3.3.5.2 Integer Multiplication

Two techniques for performing integer multiplication on the DSP core are as follows:

•Using the IMPY(16) instruction to generate a 16-bit result in the MSP of an accumulator

•Using the MPY and MAC instructions to generate a 36-bit full precision result

Each technique has its advantages for different types of computations.

An examination of the instruction set shows that for execution of single precision operations, most often the instructions operate on the MSP (bits 31–16) of the accumulator instead of the LSP (bits 15–0). This is true for the LSL, LSR, ROL, ROR, NOT, INCW, and DECW instructions and others.
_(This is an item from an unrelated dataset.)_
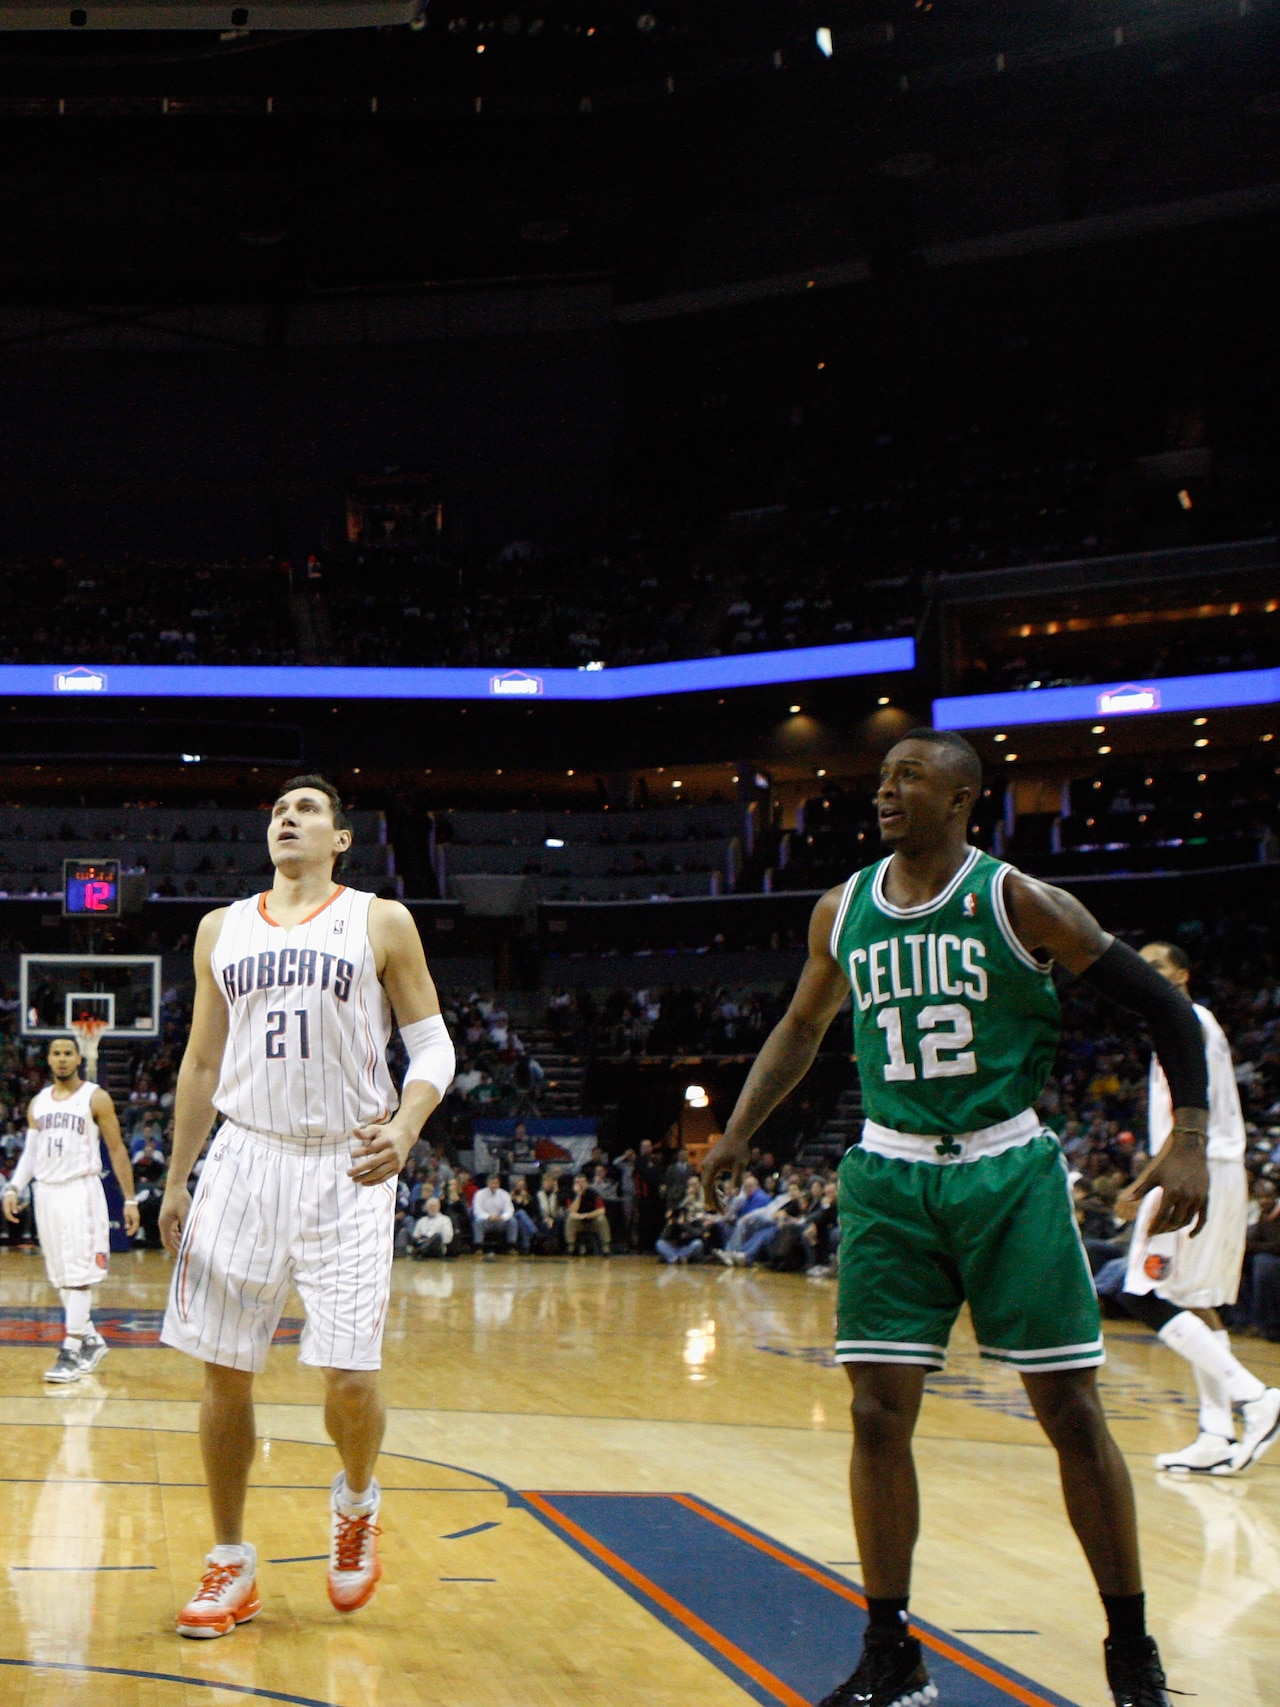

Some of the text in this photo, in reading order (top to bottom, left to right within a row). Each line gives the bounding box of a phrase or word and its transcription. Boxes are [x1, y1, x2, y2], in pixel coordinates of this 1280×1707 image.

Likewise, for the parallel MOVE instructions, it is possible to move data to and from the MSP of an accumulator, but this is not true for the LSP. Thus, an integer multiplication instruction that places its result in the MSP of an accumulator allows for more efficient computing. This is the reason why the IMPY(16) instruction places its results in bits 31–16 of an accumulator. The limitation with the IMPY(16) instruction is that the result must fit within 16 bits or there is an overflow.

Figure 3-12 on page 3-21 shows the multiply operation for integer arithmetic. The multiplication of two 16-bit signed integer operands using the IMPY(16) instruction gives a 16-bit signed integer result that is placed in the MSP (A1 or B1) of the accumulator. The corresponding extension register (A2 or B2) is filled with sign extension and the LSP (A0 or B0) remains unchanged.